Generative AI-based design of hybrid transcriptional activator proteins with new DNA-binding specificity

Transcriptional control arises from the specific recognition of promoter DNA by transcription factors (TFs), forming the basis of cellular information processing and gene regulation. In synthetic biology, TF-promoter interactions are assembled into gene circuits to program cellular behaviors. To ensure reliable circuit performance, most synthetic gene circuits rely on well-characterized and orthogonal regulatory parts. This reliance minimizes crosstalk but constrains circuit complexity and information integration. Creating hybrid TFs that combine or interpolate promoter specificities could therefore expand the design space of synthetic regulatory systems. However, it remains unclear whether hybrid functions can be created by mixing amino acid sequences, and how such functional integration could be achieved in a principled manner.
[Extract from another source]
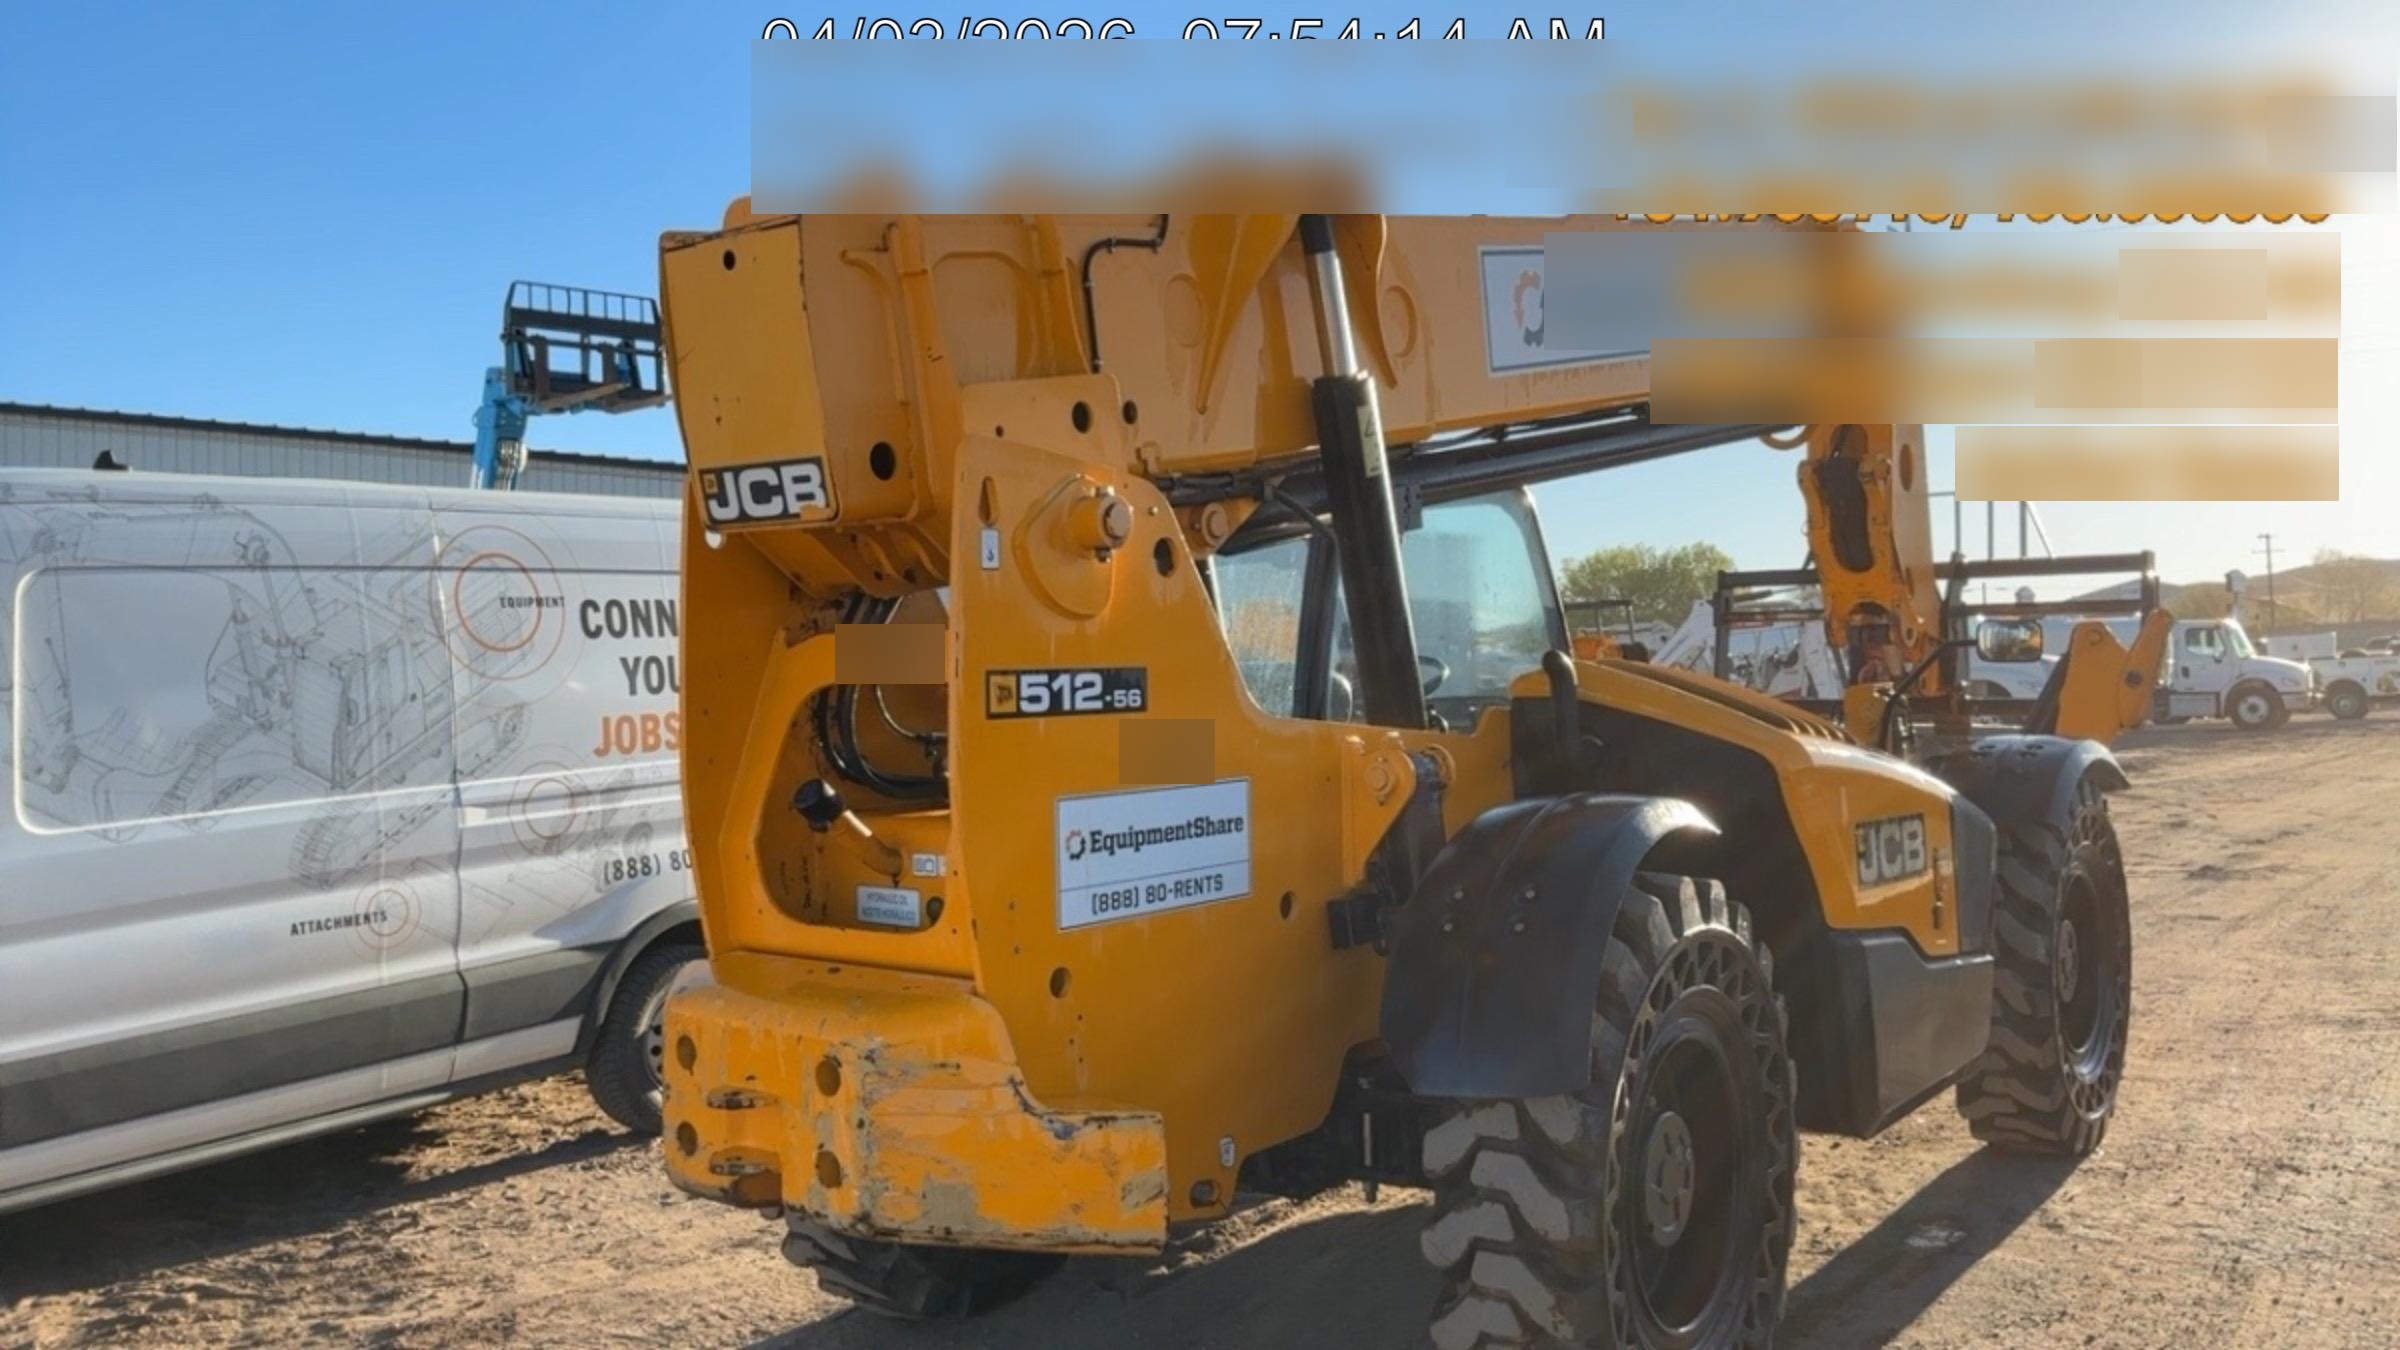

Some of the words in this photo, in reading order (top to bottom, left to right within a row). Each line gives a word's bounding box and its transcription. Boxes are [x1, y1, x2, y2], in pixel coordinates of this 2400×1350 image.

Here we show that a variational autoencoder (VAE) trained on LuxR-family DNA-binding domains can generate transcription factors with hybrid and partially novel promoter recognition properties. By sampling intermediate regions of the VAE-learned latent space, we designed hybrid TFs that activate both the lux and las promoters. High-throughput sort-seq assays together with individual in vivo assays revealed that a subset of functional variants exhibited dual-responsive behavior while maintaining sequence-selective DNA recognition. Together, these results provide a data-driven strategy for exploring functional intermediate sequences between closely related proteins.